Tratemos agora do terceiro mundo: o mental. Normalmente vivemos nos três
mundos enquanto estamos em vigília. Sempre que pensardes em algo, empregais,
com efeito, uma espécie de matéria mais sutil do que a astral, a que o professor
Kingdon Clifford chama substância mental e responde por meio de vibrações às
cambiantes modalidades da consciência, tão exatamente como as vibrações do éter
determinam a consciência da Luz. Também viveis no mundo mental, porém
instrumento de consciência para vos relacionardes com ele, está, entretanto, muito
menos desenvolvido do que o corpo astral na generalidade das pessoas. Porém, à
medida que vai avançando na evolução, irá se desenvolvendo cada vez mais, de
modo a ser possível prescindir dos corpos físico e astral, e atuar com plena
consciência do mundo mental. Este é o mundo chamado celeste. O Svarga dos
hinduístas.
Ainda que considereis o exposto como nova teoria, refleti sobre isto, advertindo
que sempre estais vivendo nos mundos físico, astral e mental; que usais três corpos
relacionados respectivamente com o mundo constituído de matéria análoga à sua, e
que serve de instrumento para atuar conscientemente em cada mundo. A evolução
vai aperfeiçoando os três corpos, um após outro, de sorte que enquanto se efetua o
aperfeiçoamento do corpo físico, organiza-se o astral e desenvolve-se o mental,
pondo-se cada um dos três em contato com o respectivo mundo.

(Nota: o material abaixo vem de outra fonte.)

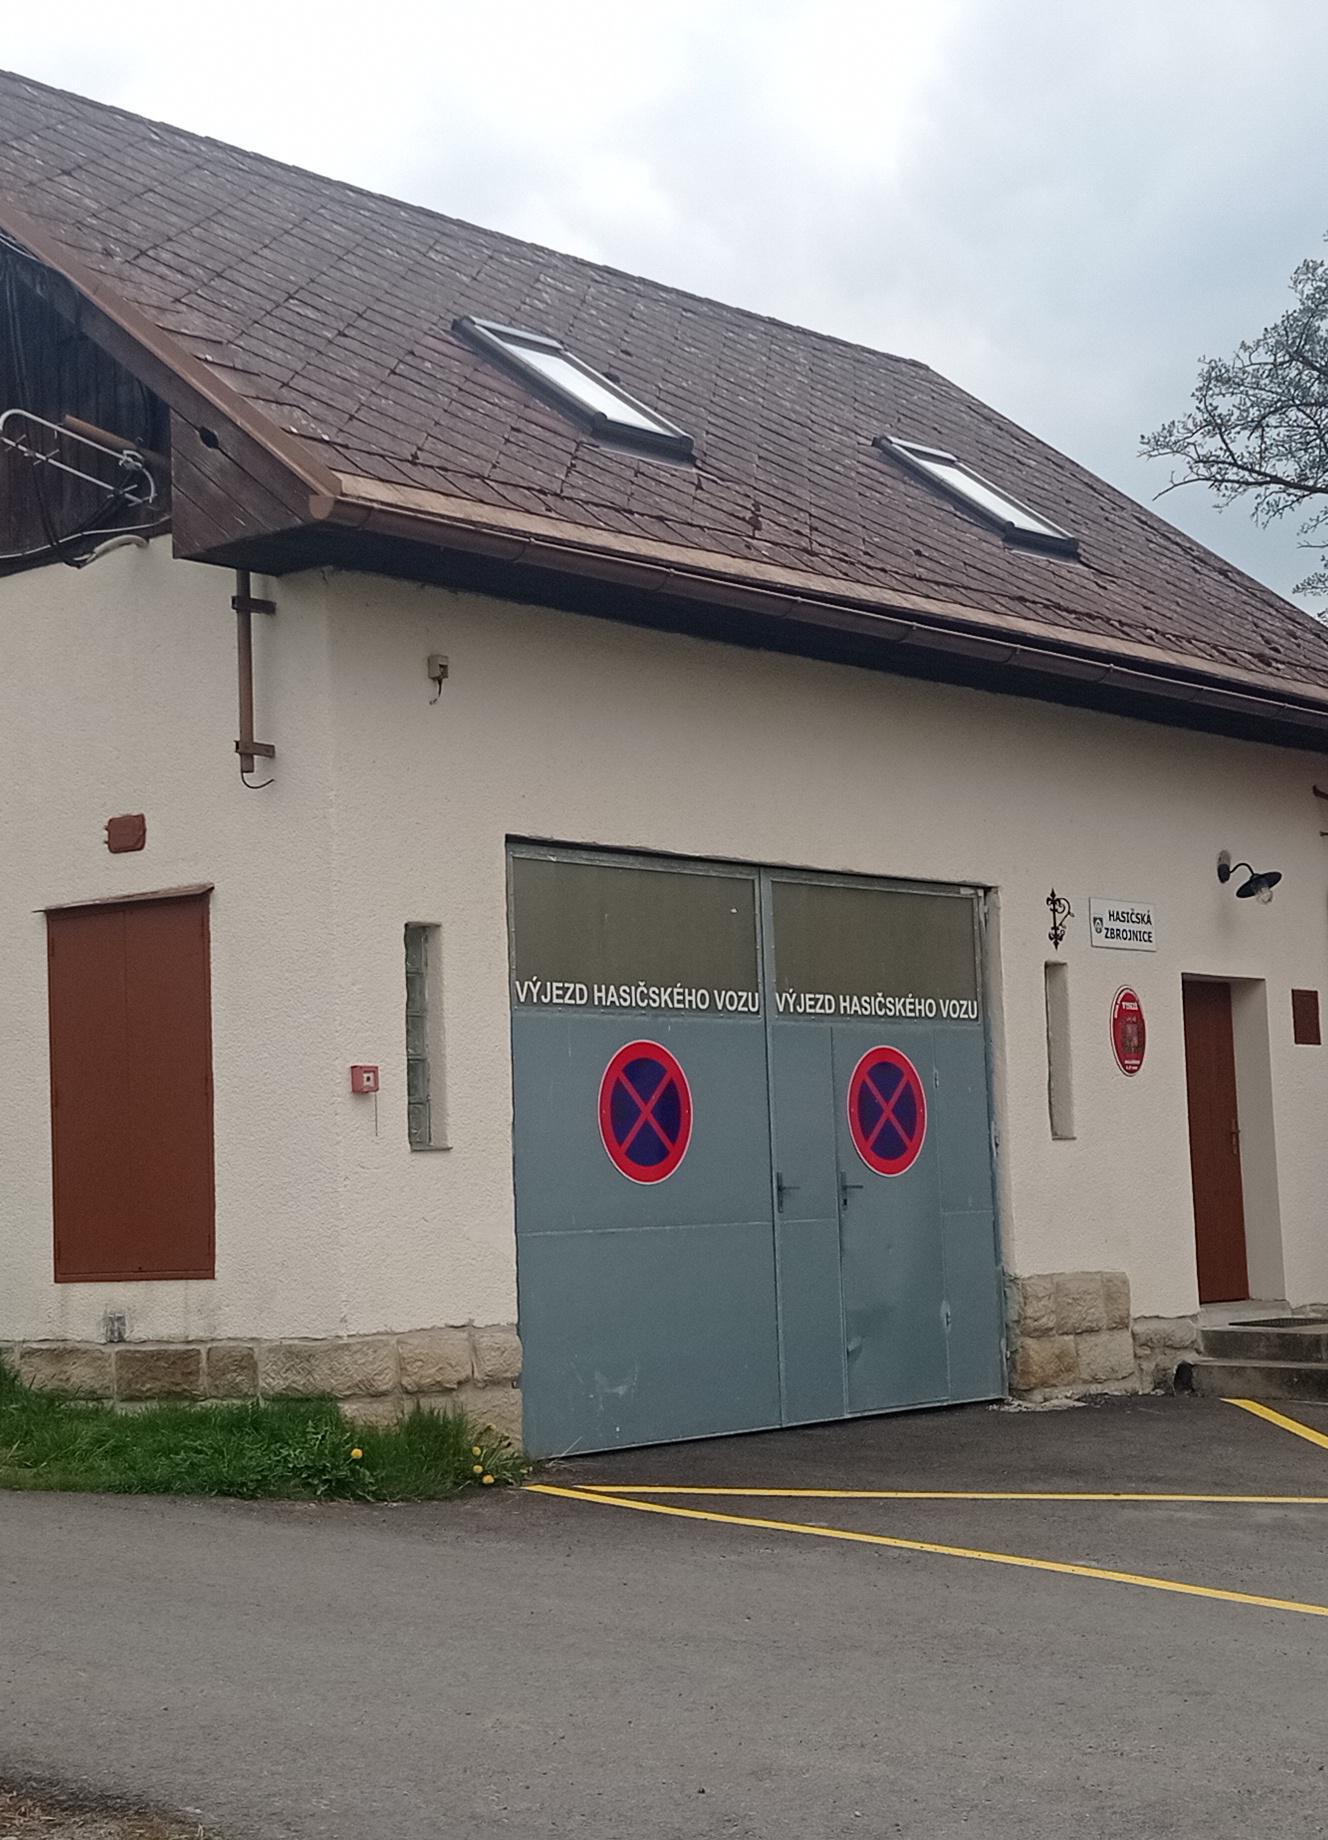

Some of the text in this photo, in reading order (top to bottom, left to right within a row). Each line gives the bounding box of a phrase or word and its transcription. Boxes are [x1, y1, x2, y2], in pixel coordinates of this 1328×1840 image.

[1108, 908, 1152, 926] HASIČSKÁ
[1104, 927, 1153, 943] ZBROJNICE
[515, 976, 760, 1013] VÝJEZD HASIČSKÉHO VOZU
[775, 987, 979, 1019] VÝJEZD HASIČSKÉHO VOZU

Acabareis vendo que estes fatos explicam um enorme número de fenômenos
que ocorrem ao vosso redor, especialmente aqueles em que se funda a nova
psicologia como os sonhos, a vista dupla, a profecia, a clarividência, o vaticínio do
porvir, e todos os fenômenos de caráter religioso. Tudo isto entra na esfera da
superconsciência, e se a genuína psicologia se fundar no - testemunho da consciência,
resultará, como disse o professor James, que os cientistas não poderão de modo
algum recusar o testemunho da consciência, por muito tempo desconhecido pela
ciência. Se desconhecerdes ou menosprezardes o testemunho dos místicos, dos
profetas e dos santos cuja fé decorria de suas próprias experiências; e se, ao lado
destas entidades altamente desenvolvidas, desconhecerdes ou desprezardes as
experiências simples das gentes vulgares que de quando em quando se põem em
contato com o mundo superior, quer pela oração, quer pela meditação, então tereis
que prescindir inteiramente do testemunho da consciência, porque não é lógico
aceitar uns testemunhos e recusar outros.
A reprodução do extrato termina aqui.